### DIRECTIONS
Please reproduce the listing in its entirety, exactly as shown.

----------------

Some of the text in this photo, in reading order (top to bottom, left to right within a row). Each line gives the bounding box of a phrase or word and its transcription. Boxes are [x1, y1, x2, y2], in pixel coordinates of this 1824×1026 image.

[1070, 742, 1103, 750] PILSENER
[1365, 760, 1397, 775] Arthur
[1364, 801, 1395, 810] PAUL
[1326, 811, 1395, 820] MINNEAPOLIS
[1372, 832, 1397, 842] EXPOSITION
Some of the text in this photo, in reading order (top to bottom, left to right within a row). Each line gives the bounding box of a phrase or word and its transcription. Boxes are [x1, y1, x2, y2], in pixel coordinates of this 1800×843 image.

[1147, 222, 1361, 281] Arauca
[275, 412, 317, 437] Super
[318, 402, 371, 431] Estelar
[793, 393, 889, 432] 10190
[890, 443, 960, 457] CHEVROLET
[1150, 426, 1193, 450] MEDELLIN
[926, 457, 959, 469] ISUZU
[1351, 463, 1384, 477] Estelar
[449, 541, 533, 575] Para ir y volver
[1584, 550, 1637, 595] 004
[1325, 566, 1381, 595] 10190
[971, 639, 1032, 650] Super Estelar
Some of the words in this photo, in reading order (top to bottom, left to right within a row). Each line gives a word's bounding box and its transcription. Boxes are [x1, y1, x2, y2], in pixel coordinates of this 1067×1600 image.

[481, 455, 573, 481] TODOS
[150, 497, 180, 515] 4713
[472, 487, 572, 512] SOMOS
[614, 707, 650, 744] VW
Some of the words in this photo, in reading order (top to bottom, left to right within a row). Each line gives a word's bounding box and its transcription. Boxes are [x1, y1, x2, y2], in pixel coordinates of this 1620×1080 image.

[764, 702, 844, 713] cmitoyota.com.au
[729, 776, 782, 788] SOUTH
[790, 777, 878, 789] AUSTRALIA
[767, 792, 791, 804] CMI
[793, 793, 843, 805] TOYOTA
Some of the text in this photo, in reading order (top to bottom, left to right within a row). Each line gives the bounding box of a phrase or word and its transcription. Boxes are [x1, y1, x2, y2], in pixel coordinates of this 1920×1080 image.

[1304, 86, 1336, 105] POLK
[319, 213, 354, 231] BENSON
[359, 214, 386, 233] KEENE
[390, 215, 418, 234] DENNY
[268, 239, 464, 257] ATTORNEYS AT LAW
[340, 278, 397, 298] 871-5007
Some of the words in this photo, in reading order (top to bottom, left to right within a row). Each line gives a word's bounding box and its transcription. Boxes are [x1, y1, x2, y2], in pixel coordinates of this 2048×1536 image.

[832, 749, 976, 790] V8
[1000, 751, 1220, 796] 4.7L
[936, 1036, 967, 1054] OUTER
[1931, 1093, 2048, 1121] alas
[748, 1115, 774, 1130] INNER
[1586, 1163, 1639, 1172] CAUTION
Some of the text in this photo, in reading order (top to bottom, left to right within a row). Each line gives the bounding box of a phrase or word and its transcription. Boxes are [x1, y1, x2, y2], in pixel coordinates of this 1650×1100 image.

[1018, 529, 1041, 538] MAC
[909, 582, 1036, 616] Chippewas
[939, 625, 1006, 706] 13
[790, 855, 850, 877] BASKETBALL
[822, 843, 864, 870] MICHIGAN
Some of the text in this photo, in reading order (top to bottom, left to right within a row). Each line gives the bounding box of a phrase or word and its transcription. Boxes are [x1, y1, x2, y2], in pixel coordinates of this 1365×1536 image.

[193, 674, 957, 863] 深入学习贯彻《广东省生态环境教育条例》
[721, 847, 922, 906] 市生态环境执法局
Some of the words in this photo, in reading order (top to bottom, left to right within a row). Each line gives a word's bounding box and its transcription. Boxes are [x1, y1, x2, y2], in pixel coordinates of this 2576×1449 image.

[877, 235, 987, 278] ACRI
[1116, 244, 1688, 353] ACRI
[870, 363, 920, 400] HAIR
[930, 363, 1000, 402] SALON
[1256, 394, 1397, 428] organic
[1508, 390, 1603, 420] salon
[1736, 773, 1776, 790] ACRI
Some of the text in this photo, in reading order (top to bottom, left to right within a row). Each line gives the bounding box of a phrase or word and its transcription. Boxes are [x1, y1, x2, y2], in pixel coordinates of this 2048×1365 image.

----------------

### RESULT FOR THIS EXERCISE
Some of the text in this photo, in reading order (top to bottom, left to right within a row). Each line gives the bounding box of a phrase or word and its transcription. Boxes are [x1, y1, x2, y2], in pixel coordinates of this 1824×1026 image.

[1070, 742, 1103, 750] PILSENER
[1365, 760, 1397, 775] Arthur
[1364, 801, 1395, 810] PAUL
[1326, 811, 1395, 820] MINNEAPOLIS
[1372, 832, 1397, 842] EXPOSITION
Some of the text in this photo, in reading order (top to bottom, left to right within a row). Each line gives the bounding box of a phrase or word and its transcription. Boxes are [x1, y1, x2, y2], in pixel coordinates of this 1800×843 image.

[1147, 222, 1361, 281] Arauca
[275, 412, 317, 437] Super
[318, 402, 371, 431] Estelar
[793, 393, 889, 432] 10190
[890, 443, 960, 457] CHEVROLET
[1150, 426, 1193, 450] MEDELLIN
[926, 457, 959, 469] ISUZU
[1351, 463, 1384, 477] Estelar
[449, 541, 533, 575] Para ir y volver
[1584, 550, 1637, 595] 004
[1325, 566, 1381, 595] 10190
[971, 639, 1032, 650] Super Estelar
Some of the words in this photo, in reading order (top to bottom, left to right within a row). Each line gives a word's bounding box and its transcription. Boxes are [x1, y1, x2, y2], in pixel coordinates of this 1067×1600 image.

[481, 455, 573, 481] TODOS
[150, 497, 180, 515] 4713
[472, 487, 572, 512] SOMOS
[614, 707, 650, 744] VW
Some of the words in this photo, in reading order (top to bottom, left to right within a row). Each line gives a word's bounding box and its transcription. Boxes are [x1, y1, x2, y2], in pixel coordinates of this 1620×1080 image.

[764, 702, 844, 713] cmitoyota.com.au
[729, 776, 782, 788] SOUTH
[790, 777, 878, 789] AUSTRALIA
[767, 792, 791, 804] CMI
[793, 793, 843, 805] TOYOTA
Some of the text in this photo, in reading order (top to bottom, left to right within a row). Each line gives the bounding box of a phrase or word and its transcription. Boxes are [x1, y1, x2, y2], in pixel coordinates of this 1920×1080 image.

[1304, 86, 1336, 105] POLK
[319, 213, 354, 231] BENSON
[359, 214, 386, 233] KEENE
[390, 215, 418, 234] DENNY
[268, 239, 464, 257] ATTORNEYS AT LAW
[340, 278, 397, 298] 871-5007
Some of the words in this photo, in reading order (top to bottom, left to right within a row). Each line gives a word's bounding box and its transcription. Boxes are [x1, y1, x2, y2], in pixel coordinates of this 2048×1536 image.

[832, 749, 976, 790] V8
[1000, 751, 1220, 796] 4.7L
[936, 1036, 967, 1054] OUTER
[1931, 1093, 2048, 1121] alas
[748, 1115, 774, 1130] INNER
[1586, 1163, 1639, 1172] CAUTION
Some of the text in this photo, in reading order (top to bottom, left to right within a row). Each line gives the bounding box of a phrase or word and its transcription. Boxes are [x1, y1, x2, y2], in pixel coordinates of this 1650×1100 image.

[1018, 529, 1041, 538] MAC
[909, 582, 1036, 616] Chippewas
[939, 625, 1006, 706] 13
[790, 855, 850, 877] BASKETBALL
[822, 843, 864, 870] MICHIGAN
Some of the text in this photo, in reading order (top to bottom, left to right within a row). Each line gives the bounding box of a phrase or word and its transcription. Boxes are [x1, y1, x2, y2], in pixel coordinates of this 1365×1536 image.

[193, 674, 957, 863] 深入学习贯彻《广东省生态环境教育条例》
[721, 847, 922, 906] 市生态环境执法局
Some of the words in this photo, in reading order (top to bottom, left to right within a row). Each line gives a word's bounding box and its transcription. Boxes are [x1, y1, x2, y2], in pixel coordinates of this 2576×1449 image.

[877, 235, 987, 278] ACRI
[1116, 244, 1688, 353] ACRI
[870, 363, 920, 400] HAIR
[930, 363, 1000, 402] SALON
[1256, 394, 1397, 428] organic
[1508, 390, 1603, 420] salon
[1736, 773, 1776, 790] ACRI
Some of the text in this photo, in reading order (top to bottom, left to right within a row). Each line gives the bounding box of a phrase or word and its transcription. Boxes are [x1, y1, x2, y2], in pixel coordinates of this 2048×1365 image.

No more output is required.